Search
Question: Finding DMRs using dmrFinder in bsseq
0
gravatar for Maria
10 days ago by
Maria0
Russia / Institute of Biochemistry and Genetics
Maria0 wrote:

Hello!
Could you help me with my challenges?
I have paired-end data obtained with RRBS expriment.
I did the adapter and quality trimming using trim_galore.
Then i the read alignments the methylation extraction using Bismark .
And farther I worked with the produced coverage files, is it all right?

==============================================
After the smothing step (BSmooth(My.bsseq.data, , mc.cores = 1,verbose = TRUE)),  

I see a lot of warnings (more than 50) looks like this:
... 50: In lfpros(x, y, weights = weights, cens = cens, base = base,
... : procv: parameters out of bounds
Is it all right?

==============================================
My data consists of 8 normal samples and 8 tumour samples of cancer patients.

The average coverage of CpGs on the considered chromosome
(for example, 7th chromosome) is 2.4 (from 0.4 to 4.6 in different samples).
Number of CpGs in this chromosome is 1 247 716,
Number of CpGs which are covered by at least 1 read in all 16 samples is  18 543,
Number of CpGs with 0 coverage in all samples is 0...

And something similar is observed in all chromosomes.

There is absent CpGs with 0 coverage in all samples.
Is there something wrong with my data? Is it possible to continue the analysis?

==============================================
According to the document "Analyzing WGBS with the bsseq package",

I want to remove CpGs with little or no coverage before computing t-statistics to avoid finding false positive DMRs.
In your example with 3+3=6 samples you recommended the following:

keepLoci.ex <-
 which(rowSums(BS.cov[, BS.cancer.ex$Type == "cancer"] >= 2) >= 2 &
          rowSums(BS.cov[, BS.cancer.ex$Type == "normal"] >= 2) >= 2).

But what is correct for my data(8+8=16 samples)?

 

I tried this command with the following parameters (1 and 2):
myLoci1 <-
which(rowSums(BS.cov[, BS.cancer.ex$Type == "cancer"] >= 1) >= 2 &
         rowSums(BS.cov[, BS.cancer.ex$Type == "normal"] >= 1) >= 2)
Then length(myLoci1) is equal 320 019; the average coverage of remaining CpGs is 8.89 (from 0.5 to 17.7 per sample!)


I tried this command with another parameters (1 and 5):
myLoci2 <-
which(rowSums(BS.cov[, BS.cancer.ex$Type == "cancer"] >= 1) >= 5 &
         rowSums(BS.cov[, BS.cancer.ex$Type == "normal"] >= 1) >= 5)
Then length(myLoci2) is equal 136 610; the average coverage of remaining CpGs is 18.59 (from 0.7 to 39.2 per sample!)

And also I tried this command with another parameters (2 and 6):
myLoci3 <-
which(rowSums(BS.cov[, BS.cancer.ex$Type == "cancer"] >= 2) >= 6 &
         rowSums(BS.cov[, BS.cancer.ex$Type == "normal"] >= 2) >= 6)
Then length(myLoci3) is equal 68 594; the average coverage of remaining CpGs is 31.08 (from 0.9 to 70.0!!!!)

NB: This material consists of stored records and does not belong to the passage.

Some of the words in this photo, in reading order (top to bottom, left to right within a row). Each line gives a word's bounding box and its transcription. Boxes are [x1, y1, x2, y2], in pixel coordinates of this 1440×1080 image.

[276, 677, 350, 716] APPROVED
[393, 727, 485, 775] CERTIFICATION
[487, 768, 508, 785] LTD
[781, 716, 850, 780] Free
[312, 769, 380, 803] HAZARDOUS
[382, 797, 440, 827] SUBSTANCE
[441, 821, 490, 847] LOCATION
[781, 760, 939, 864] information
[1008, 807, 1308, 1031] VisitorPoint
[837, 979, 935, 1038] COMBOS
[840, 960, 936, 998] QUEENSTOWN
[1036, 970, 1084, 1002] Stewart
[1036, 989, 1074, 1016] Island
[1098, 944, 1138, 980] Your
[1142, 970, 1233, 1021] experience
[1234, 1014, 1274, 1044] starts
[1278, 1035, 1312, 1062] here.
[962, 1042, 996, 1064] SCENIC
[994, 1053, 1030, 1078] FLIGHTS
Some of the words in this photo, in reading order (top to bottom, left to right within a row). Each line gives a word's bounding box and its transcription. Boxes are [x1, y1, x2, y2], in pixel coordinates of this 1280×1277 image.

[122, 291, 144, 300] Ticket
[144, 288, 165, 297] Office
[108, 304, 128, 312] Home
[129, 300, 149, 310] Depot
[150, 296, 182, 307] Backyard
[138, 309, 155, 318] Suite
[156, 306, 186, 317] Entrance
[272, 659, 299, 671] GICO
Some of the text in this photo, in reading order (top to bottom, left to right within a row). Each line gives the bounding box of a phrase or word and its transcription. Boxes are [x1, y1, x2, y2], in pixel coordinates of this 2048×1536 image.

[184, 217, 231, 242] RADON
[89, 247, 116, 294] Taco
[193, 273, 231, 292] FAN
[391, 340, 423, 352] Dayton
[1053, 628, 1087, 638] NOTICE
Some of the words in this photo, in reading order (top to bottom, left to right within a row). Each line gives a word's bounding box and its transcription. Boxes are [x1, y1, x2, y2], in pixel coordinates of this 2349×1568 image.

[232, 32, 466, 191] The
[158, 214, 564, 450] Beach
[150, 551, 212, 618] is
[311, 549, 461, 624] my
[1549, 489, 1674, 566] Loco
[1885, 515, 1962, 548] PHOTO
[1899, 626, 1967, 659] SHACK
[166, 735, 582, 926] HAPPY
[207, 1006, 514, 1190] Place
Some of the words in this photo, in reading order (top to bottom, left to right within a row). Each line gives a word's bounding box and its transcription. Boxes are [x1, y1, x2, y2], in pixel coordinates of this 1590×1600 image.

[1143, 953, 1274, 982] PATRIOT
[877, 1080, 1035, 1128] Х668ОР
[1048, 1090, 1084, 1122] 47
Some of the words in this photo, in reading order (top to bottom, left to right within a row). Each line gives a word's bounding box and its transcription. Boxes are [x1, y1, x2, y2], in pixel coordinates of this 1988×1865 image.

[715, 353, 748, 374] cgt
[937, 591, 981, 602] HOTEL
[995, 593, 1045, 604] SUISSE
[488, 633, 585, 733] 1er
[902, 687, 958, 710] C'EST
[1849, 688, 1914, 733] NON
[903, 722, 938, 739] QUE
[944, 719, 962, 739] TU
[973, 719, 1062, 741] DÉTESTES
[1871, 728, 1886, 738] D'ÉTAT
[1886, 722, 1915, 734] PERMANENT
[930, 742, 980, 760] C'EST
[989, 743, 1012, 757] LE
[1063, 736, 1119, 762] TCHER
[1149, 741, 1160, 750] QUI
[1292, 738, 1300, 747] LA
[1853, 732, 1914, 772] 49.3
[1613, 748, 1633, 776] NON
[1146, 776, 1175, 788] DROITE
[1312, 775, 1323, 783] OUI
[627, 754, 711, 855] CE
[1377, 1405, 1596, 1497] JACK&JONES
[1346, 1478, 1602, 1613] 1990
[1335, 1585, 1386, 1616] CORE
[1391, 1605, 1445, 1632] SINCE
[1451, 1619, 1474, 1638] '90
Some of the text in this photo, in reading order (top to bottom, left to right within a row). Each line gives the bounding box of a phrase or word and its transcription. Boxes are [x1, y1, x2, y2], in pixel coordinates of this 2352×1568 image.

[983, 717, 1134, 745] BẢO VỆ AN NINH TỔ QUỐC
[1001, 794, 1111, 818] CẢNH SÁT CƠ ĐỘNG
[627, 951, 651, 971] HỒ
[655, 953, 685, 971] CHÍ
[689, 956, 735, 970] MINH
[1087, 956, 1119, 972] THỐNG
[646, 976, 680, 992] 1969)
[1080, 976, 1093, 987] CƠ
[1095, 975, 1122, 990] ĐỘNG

My data is far from ideal, but you need to somehow try to process them and get DMR. What parameters should I use?

Thank you!

ADD COMMENTlink modified 5 days ago • written 10 days ago by Maria0
0
gravatar for James W. MacDonald
10 days ago by
United States
James W. MacDonald43k wrote:

Most of your questions could be characterized as asking how you should analyze your data. However, this support site is intended to help people with technical problems using Bioconductor software.

Analyzing data is a non-trivial task, in many ways much more difficult than simply figuring out how to use a particular R package. You have to understand your data and the goals of the experiment, determine what assumptions you are willing to (or can) make, and then make an informed decision as to how best to proceed.

It's really not possible for anybody to do that for you on an online forum. If you don't have the required experience to analyze your data, you should strongly consider enlisting a local statistician who does have the experience to help you. If that isn't a possibility, then you need to educate yourself, which will require lots of reading, and is not likely to include much interaction with people on an online forum, unless you have a strictly technical question.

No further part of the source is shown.